Aile doktoru Mehmet Eyüp Hazar, yeni tip koronavirüsle (Kovid-19) çabasını anlattı.
Yenimahalle’de bir sıhhat ocağında aile tabibi olan Mehmet Eyüp Hazar, AA muhabirine, aile hekimliği sistemine kayıtlı olan hastalarla aile üzere olduklarını, daima tıpkı yüzler ve isimler gelip gittiği için onları yakından bildiklerini söyledi.
Hastaların aile hekimliği sistemi üzerinden kendilerine rahatça ulaştıklarını söz eden Hazar, “Hem cep telefonlarımız hem de sabit telefonlarımız hastalarda kayıtlı. En ufak durumda bize uğrayabiliyorlar. Kovid-19 sürecinde hastalar direkt hastaneye gidemedikleri için bize müracaat sayıları arttı.” diye konuştu.
Rastgele bir koronavirüs semptomu olanların evvel kendilerine başvurdukları bilgisini veren Hazar, kelamlarını şöyle sürdürdü:
“Biz olağan işleyişi devam ettirmemizin yanında tıpkı vakitte Kovid-19 hastalarına da bakıyoruz. Bize başvurduklarında onları pandemi hastanelerine yönlendiriyoruz. Bize başvuran hastalar bir iki gün sonra sisteme Kovid-19 hastası olarak düşüyorlar. Bundan sonra yeni bir sürecimiz başlıyor. Hastanın PCR ve tomografisi müspetse aşikâr semptomlar var, bunları onlara soruyoruz. İlçe sıhhat merkezi ve başkalarıyla uyumu büsbütün biz sağlıyoruz.”

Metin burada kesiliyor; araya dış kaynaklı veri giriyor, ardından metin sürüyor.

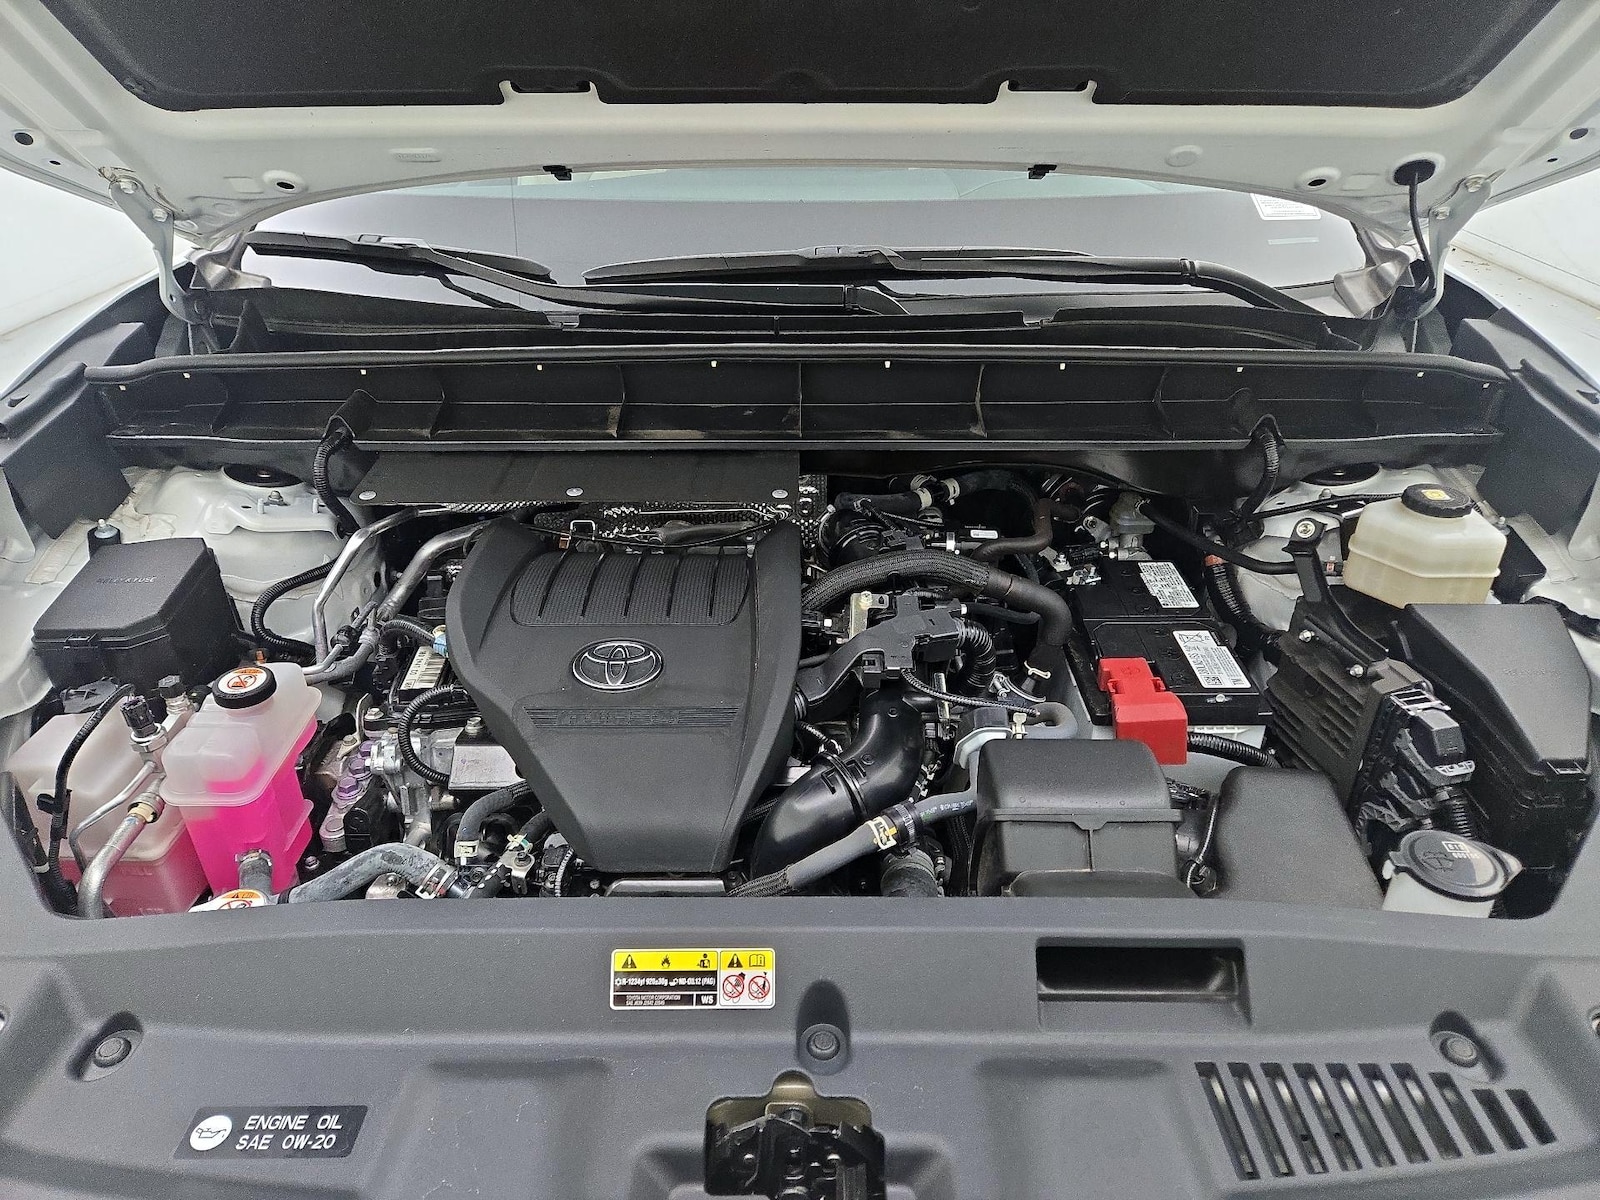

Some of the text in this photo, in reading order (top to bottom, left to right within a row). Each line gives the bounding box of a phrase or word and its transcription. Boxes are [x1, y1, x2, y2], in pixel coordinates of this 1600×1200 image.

[701, 995, 714, 1005] WS
[244, 1115, 343, 1130] ENGINE OIL
[235, 1134, 337, 1150] SAE 0W-20

Salgının artmasıyla birlikte telefon trafiklerinin ağırlaştığını aktaran Hazar, memnun oldukları ve dua aldıkları çok anlar olduğunu lisana getirdi.
Hazar, “Bir iki ay evvel 28 yaşında genç bir hasta Ankara’da çalışıyordu, ailesi Erzurum’da. Biz durumunu takip ediyorduk. Bana, ‘hocam durumum iyi lakin, annem bana inanmıyor, annemi arayıp durumla ilgili bilgi verir misiniz?’ dedi. Annesini aramıştım. Kovid-19 hastalarına ruhsal takviye de veriyoruz. Aile hekimliği sisteminden bize rahatça ulaşabildikleri için pek çok sorularına karşılık veriyoruz.” sözlerini kullandı.
Salgına karşı grup olarak gayret verdiklerinin altını çizen Hazar, şunları kaydetti:
“Eşim de hekim. İki çocuğumuz var. Bu süreçte iki çocuk da konutta tek kalıyordu. Biri 8’inci sınıfa gidiyordu. Imtihan devrinde yanında duramadık, ilgilenemedik. Birden fazla vakit meskene gittiğimizde çocukların hiçbir şey yemediklerine şahit olduk. Bu bizi etkiledi. İşimizin maddi bir karşılığı yok. Birtakım hastalar virüs kaptığını bilmeden geliyor. Onlarla kapalı bir ortamda belirli bir mühlet kalıyoruz, risk altına giriyoruz. Bu durumda hasta olan pek çok arkadaşımız var. Aile tabibi ve çalışanlarımızdan hayatını kaybedenler de var. Bunlara üzülüyoruz. Lakin, süreç bu halde. Daima birlikte atlatacağız inşallah.”